Would you return the data exactly as given, except for its pictures?

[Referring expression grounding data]
· · · · ·

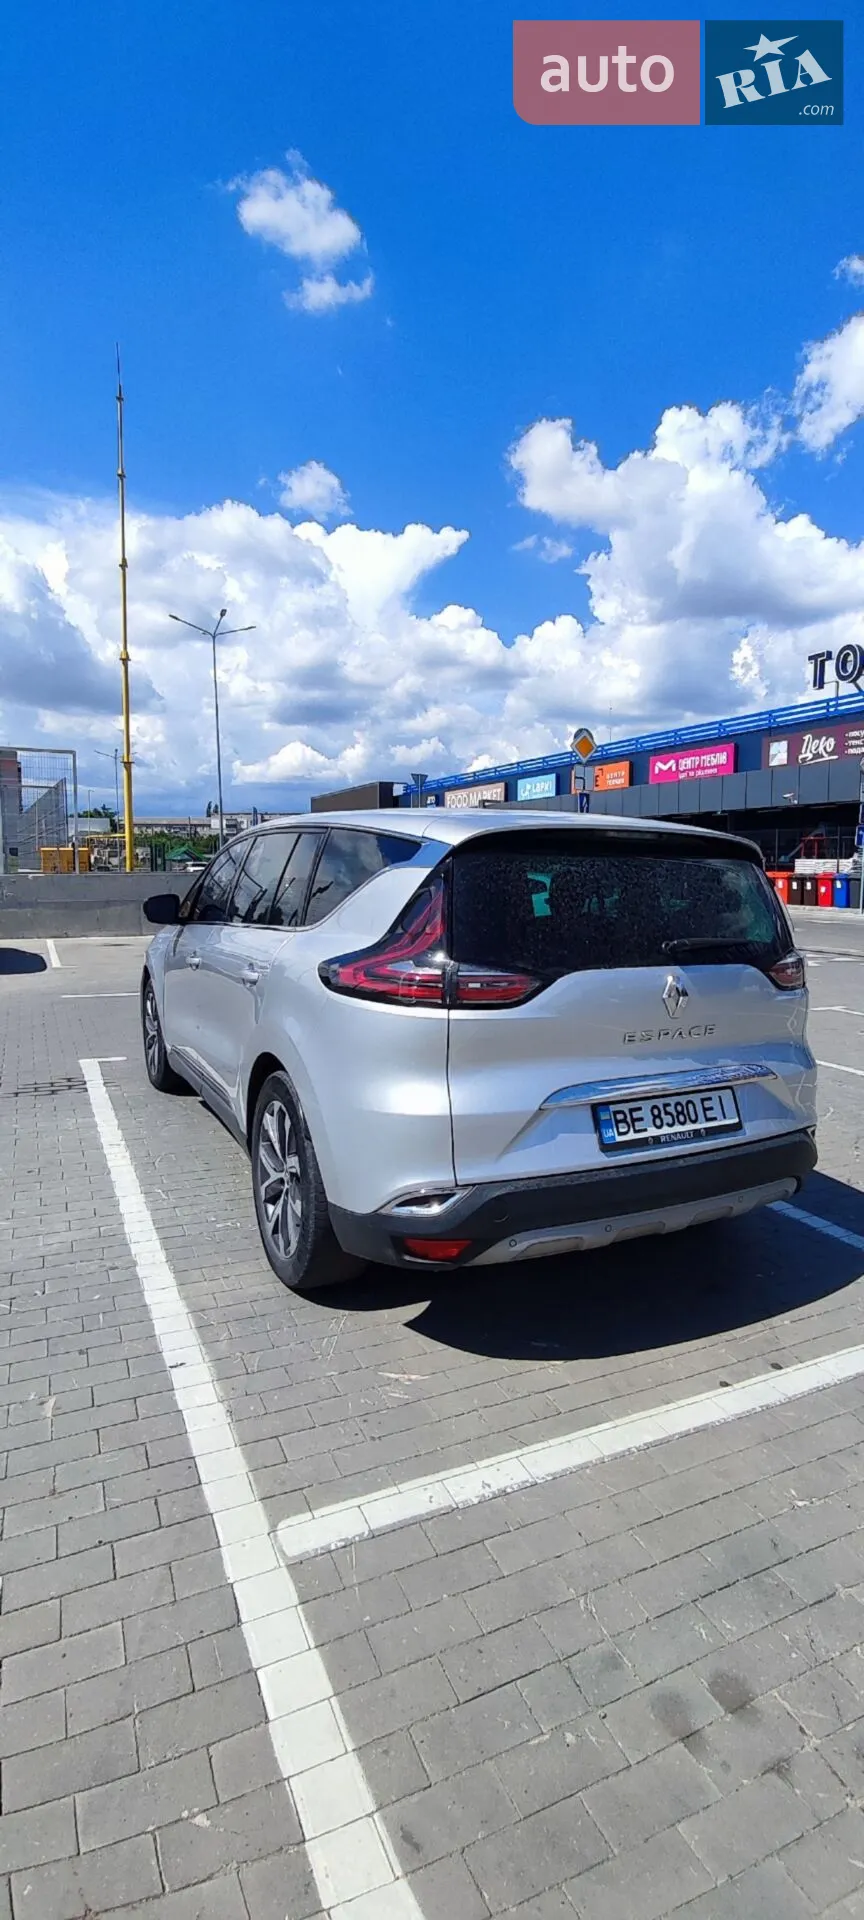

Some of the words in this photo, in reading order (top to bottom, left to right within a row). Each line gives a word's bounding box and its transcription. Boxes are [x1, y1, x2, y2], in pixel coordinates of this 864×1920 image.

[678, 756, 700, 772] ЦЕНТР
[446, 793, 469, 808] FOOD
[469, 788, 502, 807] MARKET
[623, 1024, 716, 1045] ESPACE
[612, 1106, 648, 1137] BE
[650, 1101, 699, 1130] 8580
[603, 1127, 615, 1138] UA
[660, 1131, 695, 1144] RENAULT

· · · · ·

Task output ▸
Some of the words in this photo, in reading order (top to bottom, left to right within a row). Each line gives a word's bounding box and its transcription. Boxes are [x1, y1, x2, y2], in pixel coordinates of this 864×1920 image.

[678, 756, 700, 772] ЦЕНТР
[446, 793, 469, 808] FOOD
[469, 788, 502, 807] MARKET
[623, 1024, 716, 1045] ESPACE
[612, 1106, 648, 1137] BE
[650, 1101, 699, 1130] 8580
[603, 1127, 615, 1138] UA
[660, 1131, 695, 1144] RENAULT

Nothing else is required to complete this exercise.